That is, although there are very real limitations faced by African scholars, the limitations are also surmountable without the need for extensive investment, restructuring, and funds. Because this workshop, conceptually, was not bound by Northern-based scholars coming to “train” people or by a large development group loaning funds and infrastructure, this model is highly replicable. The core agenda was not bound by geography, discipline, or personality. Rather, the agenda was philosophical: We wanted to help to nurture an exploration of decolonization of knowledge through small pivots that would inherently include visionary approaches to and transformations of existing disciplines as well as institutional writing and reading cultures. This centering of the writer as teacher-researcher-citizen in practice in her community is part of what was exciting and thrilling about what we undertook in Jimma.

The JU writing workshop was collaboratively organized by: Amber Murrey, Sintayehu Demeke, Bisrat Gebru, Anteneh Tesfahun, Eline Joor, Addisu Tegegne, Tadele Assefa, Isaac Abotebuno, and Kassahun Molla—with special thanks to Ermyas Admassu for assistance in obtaining visas.

Dr. Amber Murrey researches and writes about the transformations of life and place amid colonial violence(s). Her research on oil politics and resistance in Cameroon as well as her collaborative work on the Pan-African legacy of Thomas Sankara is shaped by a decolonial impetus and conviction that scholarship be actively collaborative, attentive, accessible, and decolonized. Dr. Amber obtained her doctorate at the School of Geography and the Environment at the University of Oxford. She teaches courses in qualitative research methodologies, critical development studies, and gender and development at Jimma University and is currently working to coordinate a follow-up decolonizing workshop in Jimma for graduate students. She welcomes ideas and appeals for collaborations via email at [email protected].
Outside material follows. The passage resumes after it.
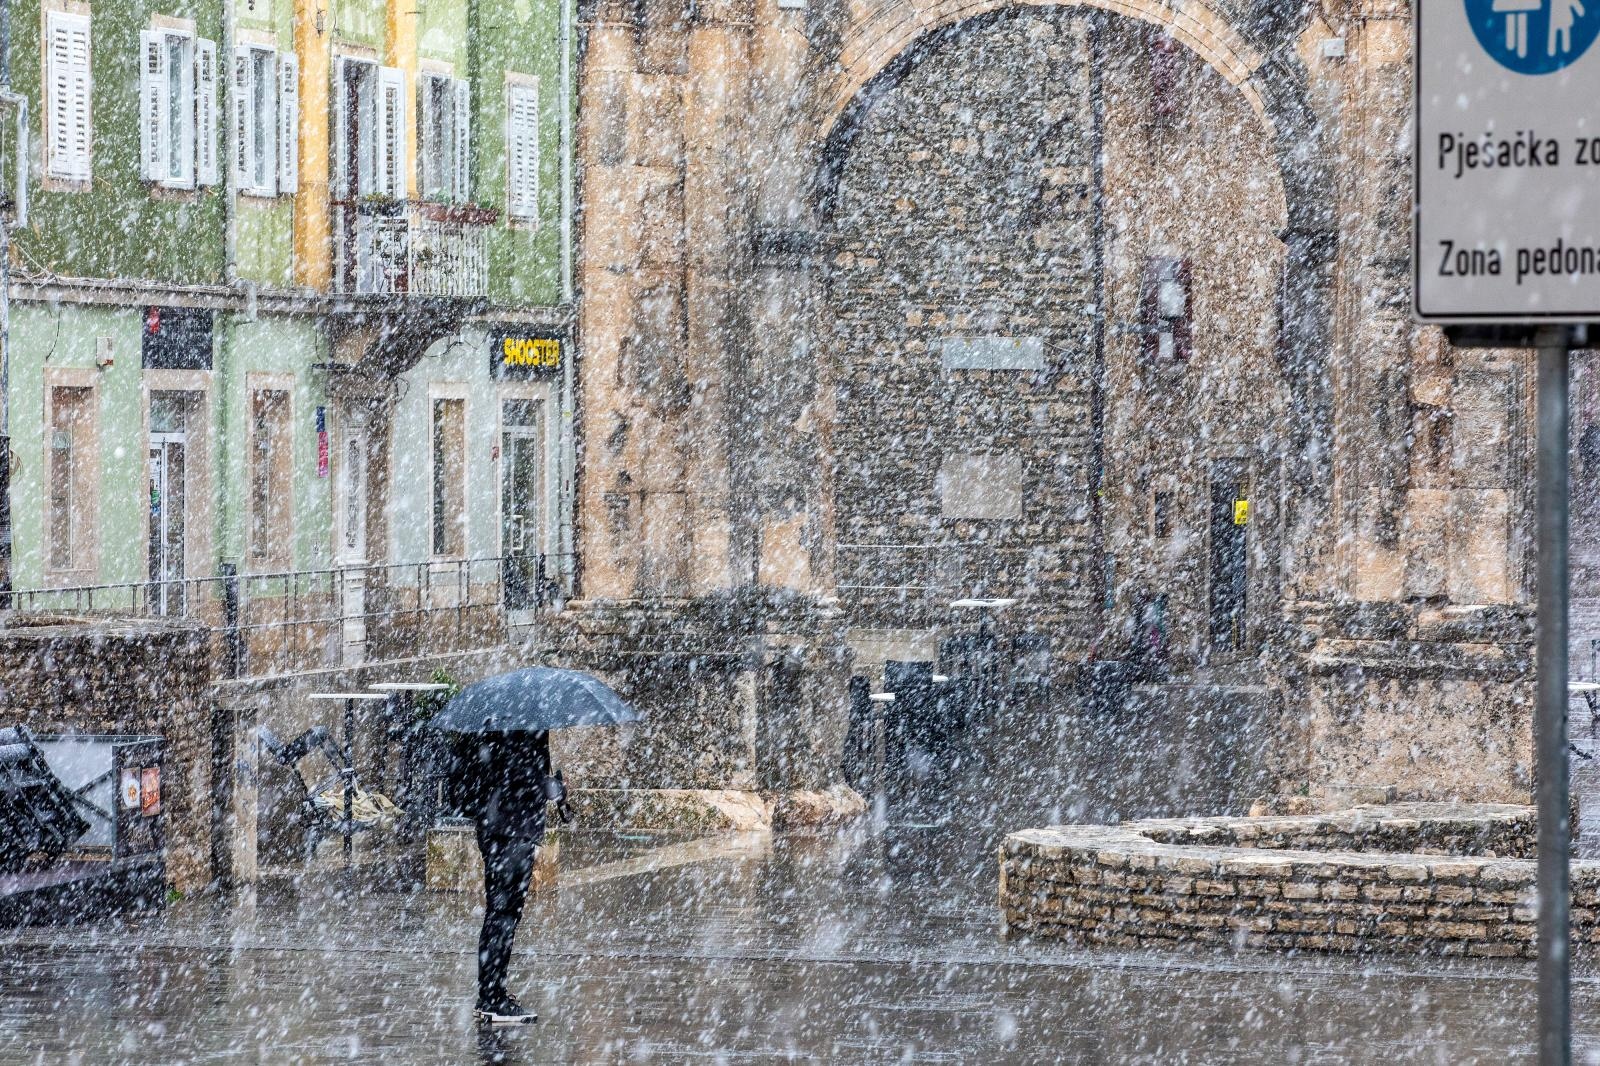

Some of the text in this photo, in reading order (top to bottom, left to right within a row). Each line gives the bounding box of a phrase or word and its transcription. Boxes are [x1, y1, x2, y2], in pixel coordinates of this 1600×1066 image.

[1439, 130, 1559, 178] Pješačka
[1439, 238, 1600, 285] Zona pedon
[504, 338, 559, 366] SHOOSTER
Dr. Maimuna Islam is an associate professor of English at The College of Idaho, where she teaches postcolonial and immigrant literatures, fiction writing, and first year seminar. She has written, presented, and taught on Islamophobia, the war on terror, encounters between the Western and the Muslim worlds, American immigrant experiences post-1967, and minority pedagogy. An intrepid traveler, Dr. Maimuna has visited over twenty different countries throughout Asia, North Africa, and the Middle East. A first-generation Bangladeshi-American with roots in both countries, Dr. Maimuna is currently working on a novel as well as a series of articles on solidarity movements.

Dr. Odomaro Mubangizi writes on social ethics and social philosophy in the context of globalization. He is the Editor of The Justice, Peace and Environment Journal and is the founding Editor of Chiedza, Journal of Arrupe College, School of Philosophy and Humanities in Harare. Dr. Odomaro regularly writes for Pambazuka News and teaches Social and Political Philosophy at the Institute of Philosophy and Theology at Addis Ababa. He completed his PhD at Boston College, where he wrote Linking Development and Peace: Towards a Normative Theory of International Relations for the Great Lakes Regions of Africa. Currently, Dr. Odomaro is working on an online distance learning university, Great Lakes Open University (GLOU), as well as a course on Pan-Africanism with Fahamu. 

Article originally posted at Review of African Political Economy and available here.


[1] See, for example, L. D. Berg, 2012, “Knowledge Enclosure, Accumulation by Dispossession, and the Academic Publishing Industry.” Political Geography 31(5):260–62. See also M. Olssen and M. A. Peters, 2005, “Neoliberalism, Higher Education and the Knowledge Economy: From the Free Market to Knowledge Capitalism.” Journal of Education Policy 20(3): 313–45. See also H. A. Giroux, 2000, “Cultural Politics and the Crisis of the University.” Culture Machine 2, n.p.

[2] One need only briefly peruse the pages of The Chronicle of Higher Educationfor example, to discern the instability and perpetual fluctuations of academic institutions.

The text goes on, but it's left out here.